Exercise instructions:
Retype the whole listing, please, keeping every line exact and dropping the pictures.

Supplied data:

-=-=-=-=-

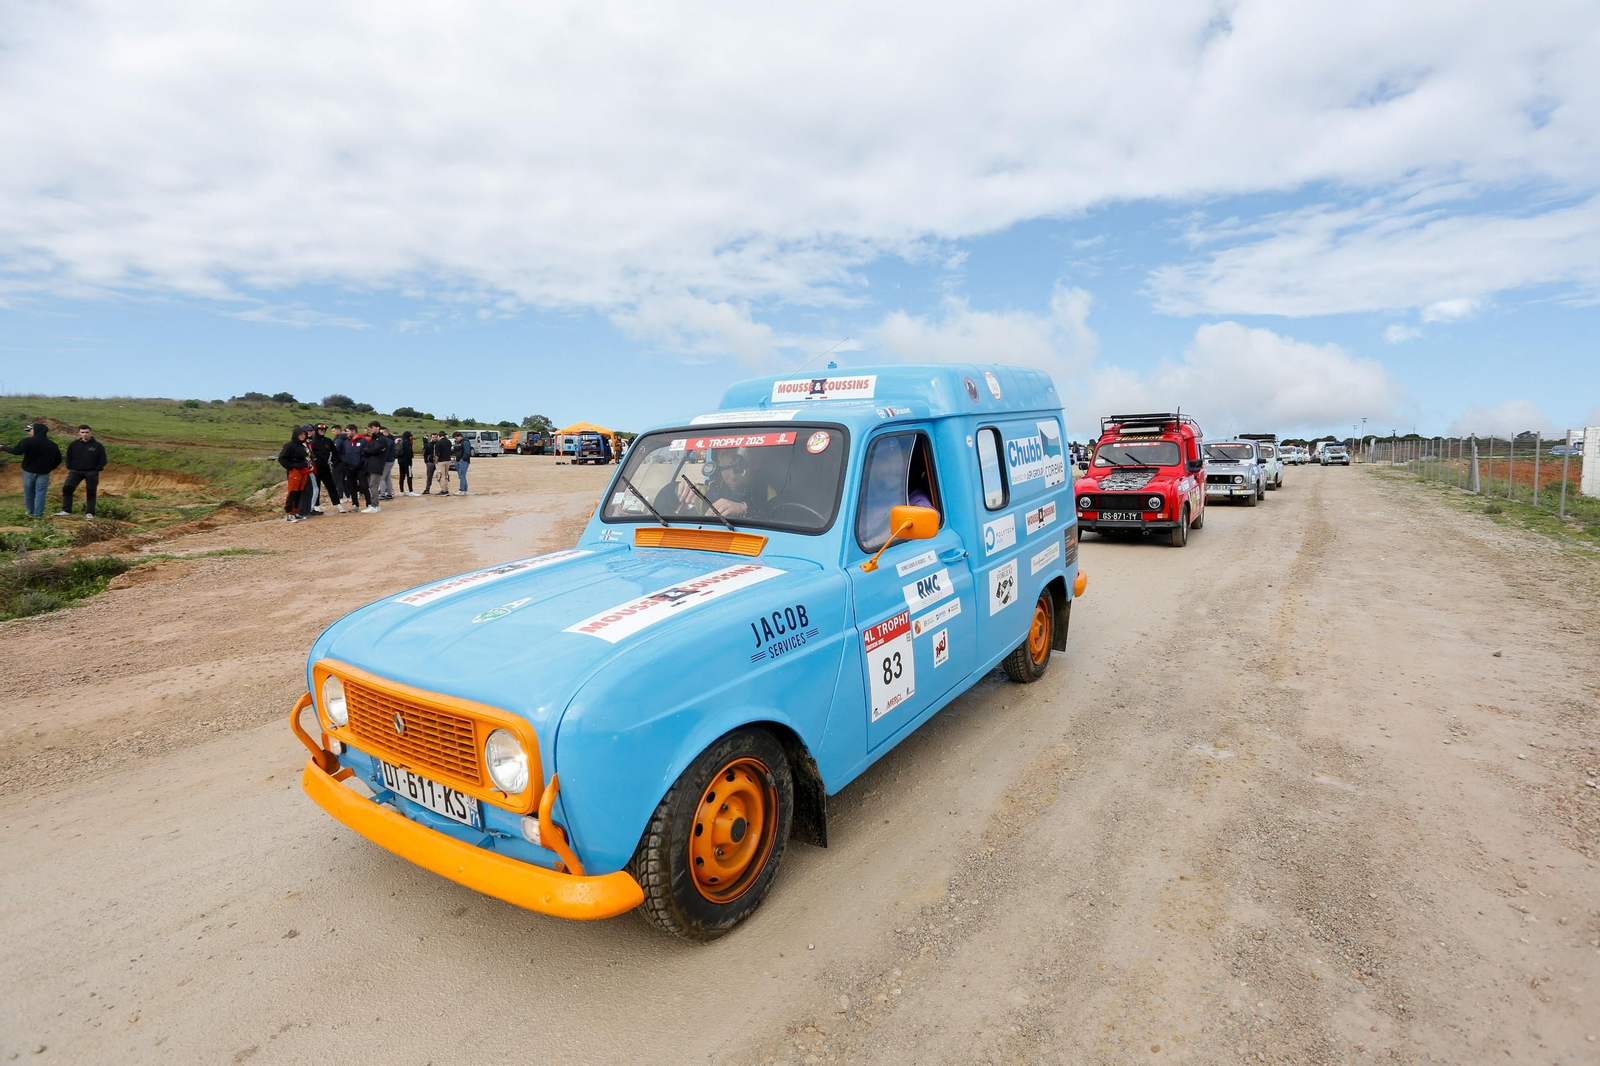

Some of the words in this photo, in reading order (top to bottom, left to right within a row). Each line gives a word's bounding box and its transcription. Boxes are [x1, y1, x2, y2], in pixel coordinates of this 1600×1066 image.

[777, 381, 814, 394] MOUSSE
[814, 382, 823, 391] &
[822, 379, 870, 391] COUSSINS
[695, 438, 705, 448] 4L
[709, 437, 743, 448] TROPHY
[746, 435, 765, 445] 2025
[1008, 437, 1042, 467] Chubb
[996, 527, 1015, 538] POLYTECH
[578, 596, 668, 634] MOUSSE
[679, 565, 763, 593] COUSSINS
[917, 573, 941, 599] RMC
[751, 604, 810, 648] JACOB
[864, 631, 876, 643] 4L
[877, 612, 909, 637] TROPHY
[768, 632, 807, 659] SERVICES
[883, 651, 903, 685] 83
[383, 762, 467, 820] DT-611-KS
[470, 810, 481, 828] 71

-=-=-=-=-

Solution for this problem:
Some of the words in this photo, in reading order (top to bottom, left to right within a row). Each line gives a word's bounding box and its transcription. Boxes are [x1, y1, x2, y2], in pixel coordinates of this 1600×1066 image.

[777, 381, 814, 394] MOUSSE
[814, 382, 823, 391] &
[822, 379, 870, 391] COUSSINS
[695, 438, 705, 448] 4L
[709, 437, 743, 448] TROPHY
[746, 435, 765, 445] 2025
[1008, 437, 1042, 467] Chubb
[996, 527, 1015, 538] POLYTECH
[578, 596, 668, 634] MOUSSE
[679, 565, 763, 593] COUSSINS
[917, 573, 941, 599] RMC
[751, 604, 810, 648] JACOB
[864, 631, 876, 643] 4L
[877, 612, 909, 637] TROPHY
[768, 632, 807, 659] SERVICES
[883, 651, 903, 685] 83
[383, 762, 467, 820] DT-611-KS
[470, 810, 481, 828] 71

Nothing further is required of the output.